• _Exercise requirements_
Keep every character as it is and output all of the records.

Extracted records
· · · · · · ·
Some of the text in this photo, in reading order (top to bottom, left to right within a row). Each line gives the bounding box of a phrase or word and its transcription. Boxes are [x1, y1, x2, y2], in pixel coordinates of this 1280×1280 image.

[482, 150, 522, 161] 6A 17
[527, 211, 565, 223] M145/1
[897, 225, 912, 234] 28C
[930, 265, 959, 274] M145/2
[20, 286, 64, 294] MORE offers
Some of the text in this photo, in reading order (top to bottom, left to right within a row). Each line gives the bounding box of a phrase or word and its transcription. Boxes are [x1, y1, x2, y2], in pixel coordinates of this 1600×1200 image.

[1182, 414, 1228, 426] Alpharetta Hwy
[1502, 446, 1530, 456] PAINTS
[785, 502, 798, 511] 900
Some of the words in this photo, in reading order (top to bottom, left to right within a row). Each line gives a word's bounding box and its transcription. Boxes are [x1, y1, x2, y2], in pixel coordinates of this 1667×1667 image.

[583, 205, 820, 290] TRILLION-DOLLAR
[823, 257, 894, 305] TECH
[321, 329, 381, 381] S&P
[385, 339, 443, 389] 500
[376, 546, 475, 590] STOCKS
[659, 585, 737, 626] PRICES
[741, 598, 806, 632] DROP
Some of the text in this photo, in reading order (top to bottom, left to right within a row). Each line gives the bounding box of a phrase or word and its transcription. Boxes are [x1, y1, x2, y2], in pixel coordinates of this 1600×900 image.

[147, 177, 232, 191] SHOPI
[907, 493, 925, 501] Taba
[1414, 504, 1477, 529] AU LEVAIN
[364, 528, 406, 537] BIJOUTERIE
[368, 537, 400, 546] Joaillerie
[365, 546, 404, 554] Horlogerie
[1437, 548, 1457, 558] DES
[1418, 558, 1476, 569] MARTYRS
· · · · · · ·
• _Result of the task_
Some of the text in this photo, in reading order (top to bottom, left to right within a row). Each line gives the bounding box of a phrase or word and its transcription. Boxes are [x1, y1, x2, y2], in pixel coordinates of this 1280×1280 image.

[482, 150, 522, 161] 6A 17
[527, 211, 565, 223] M145/1
[897, 225, 912, 234] 28C
[930, 265, 959, 274] M145/2
[20, 286, 64, 294] MORE offers
Some of the text in this photo, in reading order (top to bottom, left to right within a row). Each line gives the bounding box of a phrase or word and its transcription. Boxes are [x1, y1, x2, y2], in pixel coordinates of this 1600×1200 image.

[1182, 414, 1228, 426] Alpharetta Hwy
[1502, 446, 1530, 456] PAINTS
[785, 502, 798, 511] 900
Some of the words in this photo, in reading order (top to bottom, left to right within a row). Each line gives a word's bounding box and its transcription. Boxes are [x1, y1, x2, y2], in pixel coordinates of this 1667×1667 image.

[583, 205, 820, 290] TRILLION-DOLLAR
[823, 257, 894, 305] TECH
[321, 329, 381, 381] S&P
[385, 339, 443, 389] 500
[376, 546, 475, 590] STOCKS
[659, 585, 737, 626] PRICES
[741, 598, 806, 632] DROP
Some of the text in this photo, in reading order (top to bottom, left to right within a row). Each line gives the bounding box of a phrase or word and its transcription. Boxes are [x1, y1, x2, y2], in pixel coordinates of this 1600×900 image.

[147, 177, 232, 191] SHOPI
[907, 493, 925, 501] Taba
[1414, 504, 1477, 529] AU LEVAIN
[364, 528, 406, 537] BIJOUTERIE
[368, 537, 400, 546] Joaillerie
[365, 546, 404, 554] Horlogerie
[1437, 548, 1457, 558] DES
[1418, 558, 1476, 569] MARTYRS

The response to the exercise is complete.